The Prime Minister has set up a committee
of ministers to try and deflect the rage of students, but this is not enough.
We need to use the mess created by his Minister of Human Resources Development
to demand some real changes.
At the top of the list is the need for the
government to free private schools and colleges. The licences and quotas that
prevent a million schools and colleges from blooming across the country must
be removed now. Let them be allowed to decide their fee structures and their
academic needs without petty officials poking their noses into their affairs
at every step. If bad ones come up, they will die their own natural death.
We do not need corrupt officials to interfere on grounds of quotas and permits.
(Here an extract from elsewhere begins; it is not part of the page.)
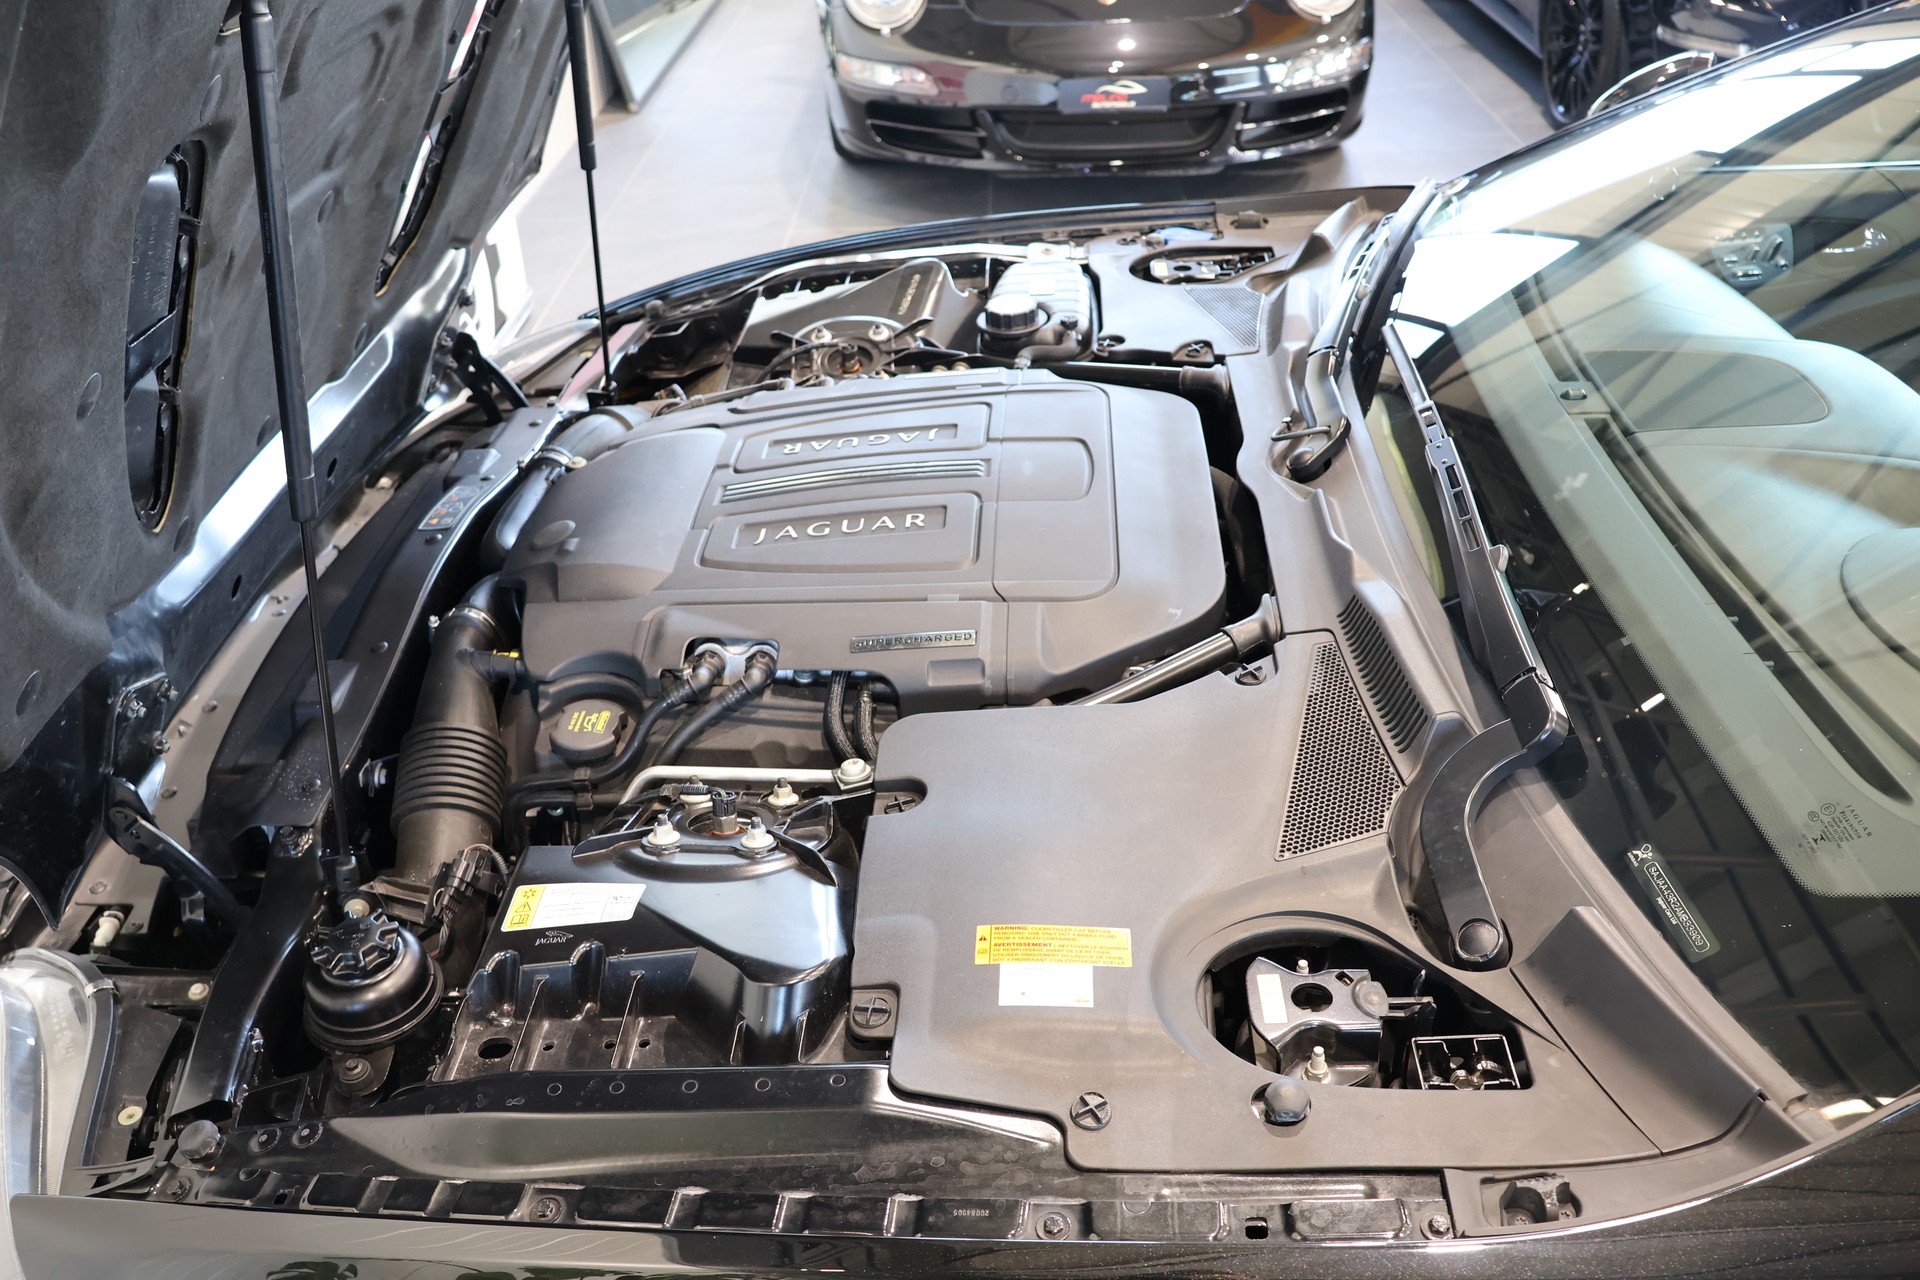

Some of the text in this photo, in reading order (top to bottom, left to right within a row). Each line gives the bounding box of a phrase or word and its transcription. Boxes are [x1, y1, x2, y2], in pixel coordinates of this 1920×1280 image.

What India needs is the ability to educate the millions of young children
who are deprived of a decent education only because there are not enough good
schools.
Schools in urban India resort to the gratuitous
cruelty of testing the intellectual skills of three-year-olds before admitting
them. If there were enough schools this would not happen. In higher education
scarcities are even more severe and again it is because the government keeps
a tight control on how many colleges can come up, what their fee structures
should be and what they should teach.
The Government needs to concentrate on improving
the abysmal quality of the schools and colleges that it runs and unless we
abolish the HRD Ministry and bring back a full-scale Education Ministry, this
is not going to happen. State schools and colleges provide education of such
abysmal quality that almost no politician or bureaucrat sends his own children
to these institutions. Instead, as was revealed in the Rajya Sabha last week,
nearly Rs 30 crore of taxpayers' money has been spent on the Sanskriti school
in Delhi which was built to accommodate the children of bureaucrats and politicians.
It first drew attention when Atal Behari Vajpayee sent his granddaughter there.
Why should she not have been sent to a neighbourhood municipal school? Where
do the grandchildren of Arjun Singh and Sonia Gandhi study? Unless the state
stops its interference in private schools we must demand that their children
and grandchildren be forced to attend only state schools.
If the state agrees to stay out of private
education let it reserve as many seats as it wants to in its own schools and
colleges. Let it discover, as I did in a Gujarati village last week, that
in rural India people are not even sure what an OBC is. In the village I visited
I asked which castes would qualify for the new quota and they said Adivasis
and Dalits. When I told them they already had their own quota they looked
puzzled and said, ''We don't have any other backward castes in this village.''
When the 27 per cent quota starts being implemented,
though, we might find that everyone is suddenly an OBC. At a time when caste
divisions even in the darkest depths of rural India are beginning to weaken
whoever thought this one up has some really bad karma coming his way.